**How to complete this task**
Type out all the records again exactly.

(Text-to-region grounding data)
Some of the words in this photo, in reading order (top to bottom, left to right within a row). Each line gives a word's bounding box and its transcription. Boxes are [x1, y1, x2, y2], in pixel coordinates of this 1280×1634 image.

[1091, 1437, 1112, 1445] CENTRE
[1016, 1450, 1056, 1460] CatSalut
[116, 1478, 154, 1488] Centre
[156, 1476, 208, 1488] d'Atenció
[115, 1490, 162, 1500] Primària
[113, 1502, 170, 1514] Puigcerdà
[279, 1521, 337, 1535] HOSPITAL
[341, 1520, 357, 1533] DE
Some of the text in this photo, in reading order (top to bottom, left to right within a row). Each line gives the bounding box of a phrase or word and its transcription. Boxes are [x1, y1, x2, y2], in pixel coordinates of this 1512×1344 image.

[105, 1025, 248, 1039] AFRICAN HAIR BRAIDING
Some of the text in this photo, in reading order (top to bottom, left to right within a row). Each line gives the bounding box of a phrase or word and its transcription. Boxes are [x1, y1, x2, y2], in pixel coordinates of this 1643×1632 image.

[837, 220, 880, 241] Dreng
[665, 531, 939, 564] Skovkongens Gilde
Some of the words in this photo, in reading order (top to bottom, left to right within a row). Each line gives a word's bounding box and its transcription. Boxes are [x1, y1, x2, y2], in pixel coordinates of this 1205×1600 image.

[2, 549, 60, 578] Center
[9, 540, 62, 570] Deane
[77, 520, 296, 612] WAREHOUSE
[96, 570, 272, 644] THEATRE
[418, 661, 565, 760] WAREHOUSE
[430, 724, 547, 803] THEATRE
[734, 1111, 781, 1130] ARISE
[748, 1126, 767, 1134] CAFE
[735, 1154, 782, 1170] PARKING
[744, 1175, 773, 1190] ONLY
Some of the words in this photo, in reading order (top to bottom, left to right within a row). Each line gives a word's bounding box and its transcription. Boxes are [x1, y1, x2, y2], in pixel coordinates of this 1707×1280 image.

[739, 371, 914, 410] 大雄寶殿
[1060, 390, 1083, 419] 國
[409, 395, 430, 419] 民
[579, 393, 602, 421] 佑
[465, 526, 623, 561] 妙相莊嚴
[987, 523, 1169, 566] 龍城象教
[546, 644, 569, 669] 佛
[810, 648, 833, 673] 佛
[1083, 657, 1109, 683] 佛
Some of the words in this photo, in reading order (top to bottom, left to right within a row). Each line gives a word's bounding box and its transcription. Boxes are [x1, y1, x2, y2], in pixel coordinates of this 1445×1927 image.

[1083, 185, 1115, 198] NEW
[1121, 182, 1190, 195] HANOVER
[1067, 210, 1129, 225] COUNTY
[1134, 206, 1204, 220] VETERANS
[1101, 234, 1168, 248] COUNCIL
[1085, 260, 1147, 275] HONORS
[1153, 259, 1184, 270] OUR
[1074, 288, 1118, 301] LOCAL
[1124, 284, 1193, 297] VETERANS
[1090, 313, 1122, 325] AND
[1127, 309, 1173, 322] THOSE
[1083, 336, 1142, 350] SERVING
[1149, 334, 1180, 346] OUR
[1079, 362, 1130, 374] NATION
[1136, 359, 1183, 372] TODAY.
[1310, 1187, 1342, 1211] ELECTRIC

**Solution**
Some of the words in this photo, in reading order (top to bottom, left to right within a row). Each line gives a word's bounding box and its transcription. Boxes are [x1, y1, x2, y2], in pixel coordinates of this 1280×1634 image.

[1091, 1437, 1112, 1445] CENTRE
[1016, 1450, 1056, 1460] CatSalut
[116, 1478, 154, 1488] Centre
[156, 1476, 208, 1488] d'Atenció
[115, 1490, 162, 1500] Primària
[113, 1502, 170, 1514] Puigcerdà
[279, 1521, 337, 1535] HOSPITAL
[341, 1520, 357, 1533] DE
Some of the text in this photo, in reading order (top to bottom, left to right within a row). Each line gives the bounding box of a phrase or word and its transcription. Boxes are [x1, y1, x2, y2], in pixel coordinates of this 1512×1344 image.

[105, 1025, 248, 1039] AFRICAN HAIR BRAIDING
Some of the text in this photo, in reading order (top to bottom, left to right within a row). Each line gives the bounding box of a phrase or word and its transcription. Boxes are [x1, y1, x2, y2], in pixel coordinates of this 1643×1632 image.

[837, 220, 880, 241] Dreng
[665, 531, 939, 564] Skovkongens Gilde
Some of the words in this photo, in reading order (top to bottom, left to right within a row). Each line gives a word's bounding box and its transcription. Boxes are [x1, y1, x2, y2], in pixel coordinates of this 1205×1600 image.

[2, 549, 60, 578] Center
[9, 540, 62, 570] Deane
[77, 520, 296, 612] WAREHOUSE
[96, 570, 272, 644] THEATRE
[418, 661, 565, 760] WAREHOUSE
[430, 724, 547, 803] THEATRE
[734, 1111, 781, 1130] ARISE
[748, 1126, 767, 1134] CAFE
[735, 1154, 782, 1170] PARKING
[744, 1175, 773, 1190] ONLY
Some of the words in this photo, in reading order (top to bottom, left to right within a row). Each line gives a word's bounding box and its transcription. Boxes are [x1, y1, x2, y2], in pixel coordinates of this 1707×1280 image.

[739, 371, 914, 410] 大雄寶殿
[1060, 390, 1083, 419] 國
[409, 395, 430, 419] 民
[579, 393, 602, 421] 佑
[465, 526, 623, 561] 妙相莊嚴
[987, 523, 1169, 566] 龍城象教
[546, 644, 569, 669] 佛
[810, 648, 833, 673] 佛
[1083, 657, 1109, 683] 佛
Some of the words in this photo, in reading order (top to bottom, left to right within a row). Each line gives a word's bounding box and its transcription. Boxes are [x1, y1, x2, y2], in pixel coordinates of this 1445×1927 image.

[1083, 185, 1115, 198] NEW
[1121, 182, 1190, 195] HANOVER
[1067, 210, 1129, 225] COUNTY
[1134, 206, 1204, 220] VETERANS
[1101, 234, 1168, 248] COUNCIL
[1085, 260, 1147, 275] HONORS
[1153, 259, 1184, 270] OUR
[1074, 288, 1118, 301] LOCAL
[1124, 284, 1193, 297] VETERANS
[1090, 313, 1122, 325] AND
[1127, 309, 1173, 322] THOSE
[1083, 336, 1142, 350] SERVING
[1149, 334, 1180, 346] OUR
[1079, 362, 1130, 374] NATION
[1136, 359, 1183, 372] TODAY.
[1310, 1187, 1342, 1211] ELECTRIC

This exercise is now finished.